El problema del narrador, lo que en el fondo le angustia, es que él no puede consumir esa droga ya que una prueba que realizó en la fase de desarrollo lo convirtió en alérgico a la misma, así que, si no puede alcanzar la felicidad mental de forma artificial, sus únicas salidas para evitar la absoluta alienación social son el psicoanálisis o la muerte.
Si en “Los Motivos de Rafferty” Pohl sugería que dejáramos de preocuparnos por un mundo sin trabajo, quizá en “Espero al Psicólogo” trataba de asegurarnos de que no habría peligro en una sociedad en la que todo el mundo estaba moderada pero continuamente “colgado”. Consideradas conjuntamente, ambas historias parecen ser un experimento intelectual para tantear los límites de la moralidad tradicional: en una época en la que casi todo el mundo tenía que trabajar duro o morir de hambre, tal vez tenía sentido estigmatizar la ociosidad; y condenar el consumo de drogas cuando éstas son tóxicas y adictivas. Pero si tenemos máquinas para hacer el trabajo y una droga que no es venenosa ni adictiva, quizá esas restricciones morales ya no deberían aplicarse al haber perdido su utilidad.

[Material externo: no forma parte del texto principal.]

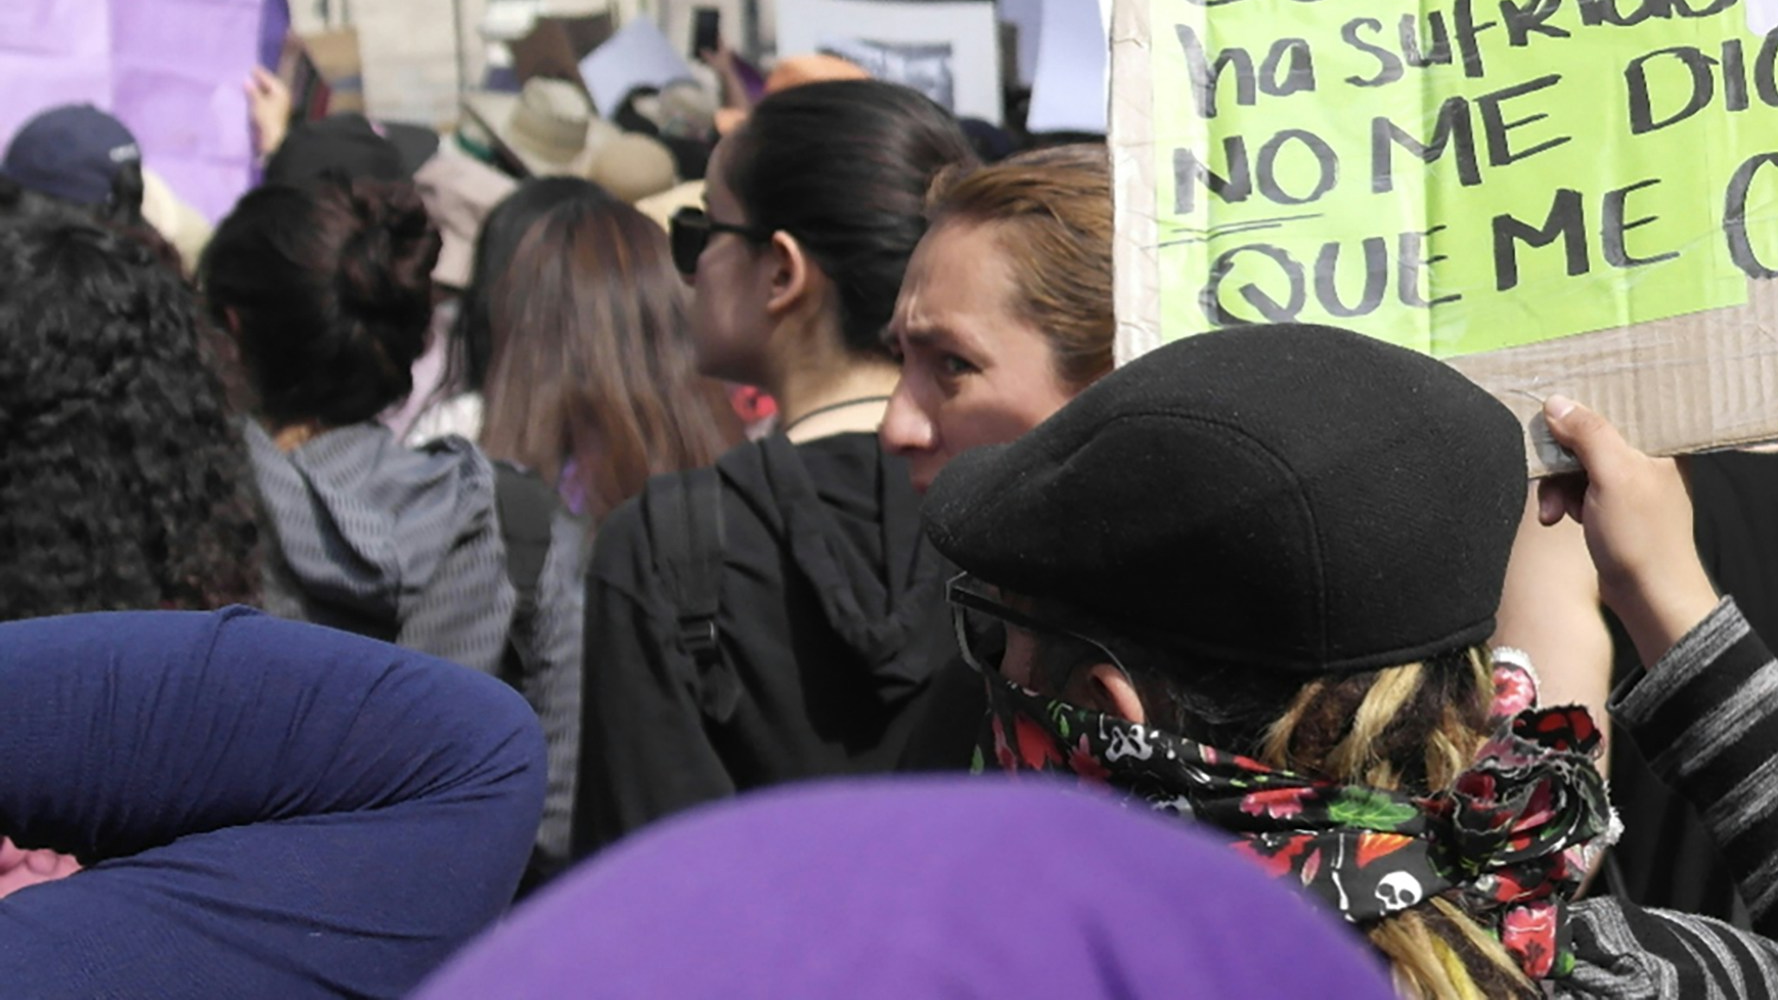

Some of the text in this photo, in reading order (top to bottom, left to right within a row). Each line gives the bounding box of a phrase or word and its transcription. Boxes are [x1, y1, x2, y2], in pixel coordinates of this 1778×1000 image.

Sin embargo, si esta era la intención de Pohl, la historia no lo refleja así. El narrador es el único que parece conservar la sensatez mientras que el resto pierden el sentido de la realidad y cae en un estado de absoluta indolencia que, podemos suponer, desembocará en una sociedad incapaz de atender las necesidades materiales de sus miembros. Puede que el chicle en sí no sea adictivo, pero sí lo es la sensación de felicidad que suscita.
“Corrientes Alternas” nos ofrece un interesante vistazo a la CF e ideología de Pohl en su primera etapa a través de un puñado de historias muy variadas que incluyen todo tipo de conceptos y tropos (invasores alienígenas, magia, viajes en el tiempo, apocalipsis nuclear, sociedades distópicas, realidades falsas, superhombres, inmortales y viajes espaciales) sobre los que se construyen sátiras y acerbas críticas a nuestra naturaleza y sociedad humanas.